Most Popular Narrative: 76.4% Undervalued
With Alvotech’s fair value in the most followed narrative set at $14.00 against a last close of $3.31, the gap between story and share price is wide.
Ongoing launch and approval pipeline activity, including upcoming regulatory decisions in major global markets (for AVT03, AVT05, AVT23, and others), positions the company to tap into blockbuster biologic markets coming off-patent, potentially driving a step-change in topline revenue once approvals are secured.
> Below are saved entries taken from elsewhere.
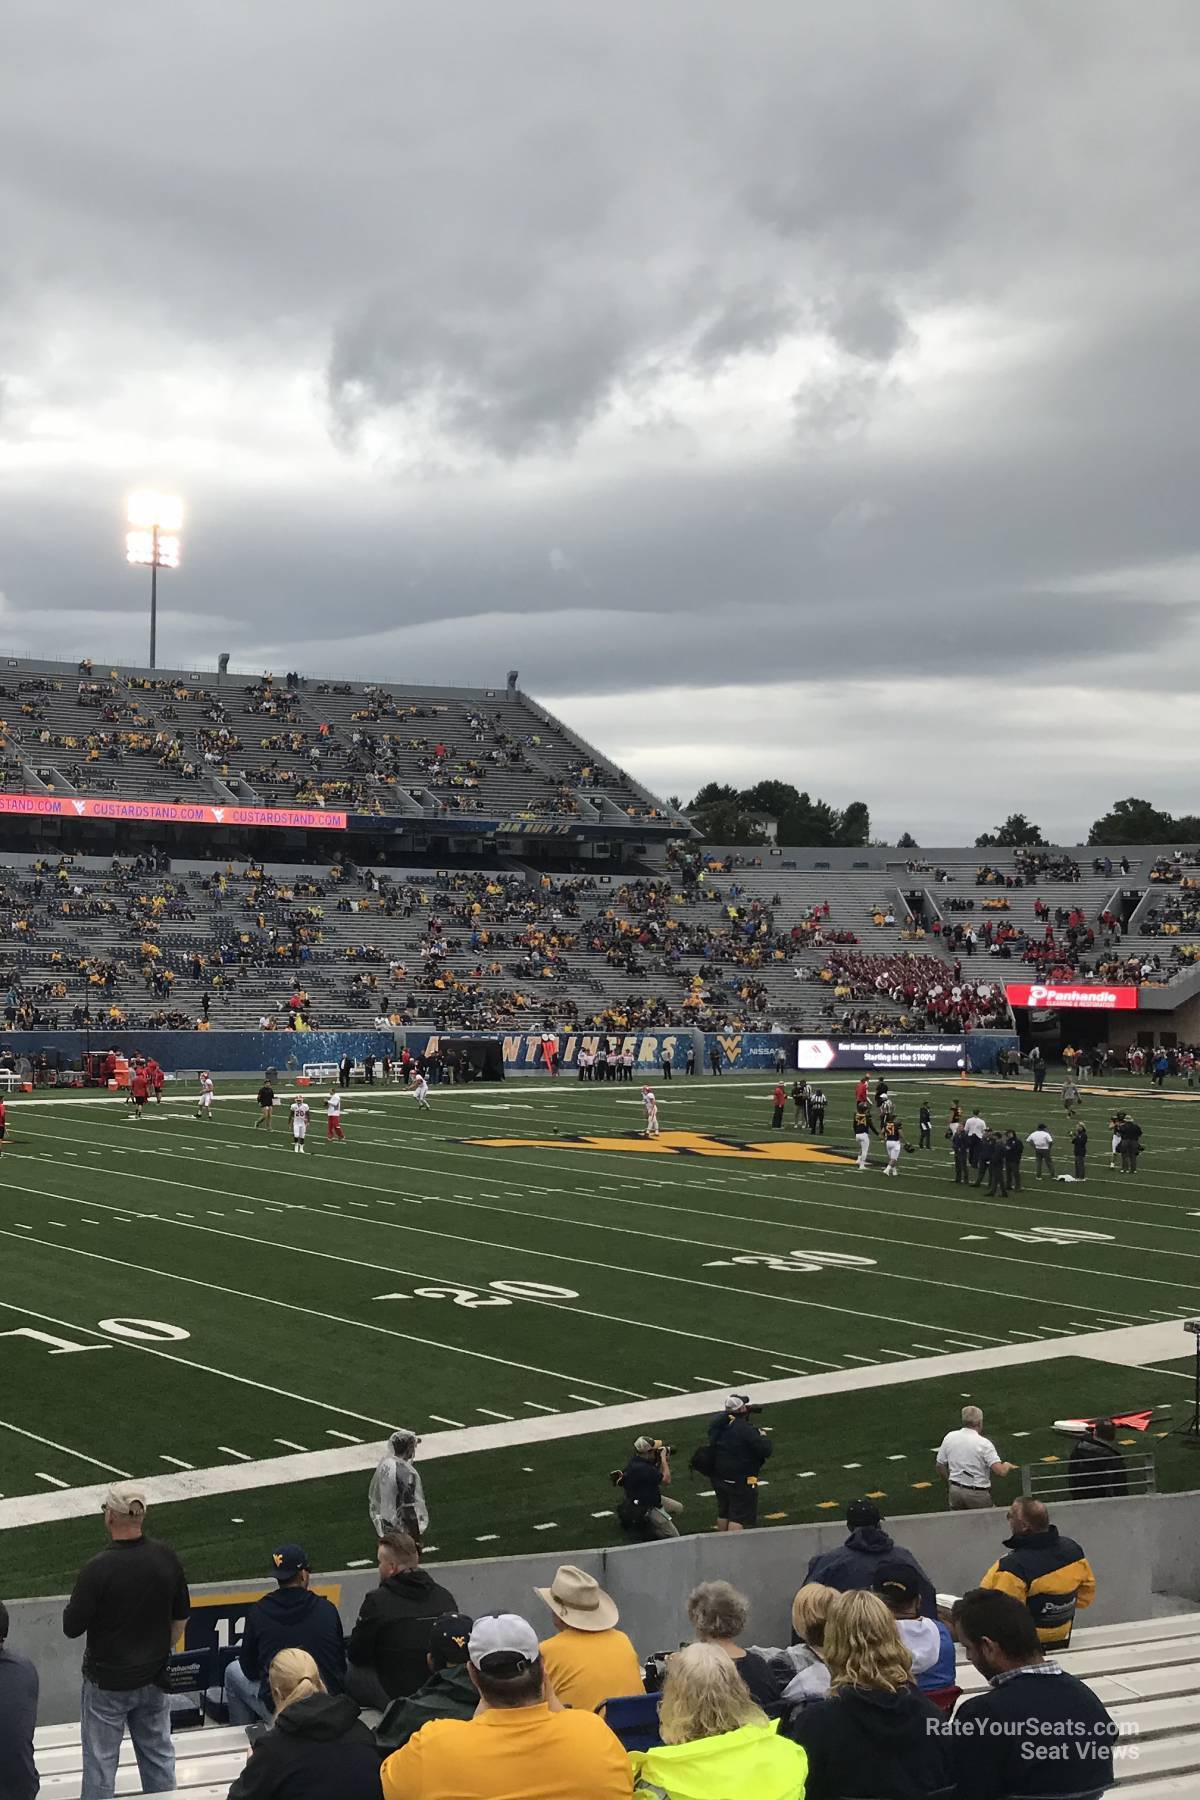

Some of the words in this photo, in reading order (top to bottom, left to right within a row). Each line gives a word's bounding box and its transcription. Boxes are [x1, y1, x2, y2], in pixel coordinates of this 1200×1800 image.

[93, 803, 204, 820] CUSTARDSTAND.COM
[232, 810, 341, 826] CUSTARDSTAND.COM
[1047, 990, 1117, 1002] Panhandle
[749, 1047, 776, 1055] NISSA
[863, 1053, 891, 1062] Starting
[900, 1053, 911, 1061] the
[994, 1227, 1116, 1245] 40
[731, 1250, 878, 1272] 30
[413, 1280, 580, 1309] 20
Curious what earnings path, revenue build up and margin shift need to line up for that fair value to make sense? The narrative leans on ambitious growth, richer profitability and a premium future multiple working together. The full breakdown shows exactly how those moving parts are stitched into a single valuation story.
Result: Fair Value of $14.00 (UNDERVALUED)
However, the story only holds if regulatory timelines stay on track and if the heavy reliance on milestone payments does not expose you to sharper than expected earnings swings.
Next Steps
With a mixed setup of risks and potential rewards in play, it makes sense to check the figures directly and form your own view using the 3 key rewards and 2 important warning signs.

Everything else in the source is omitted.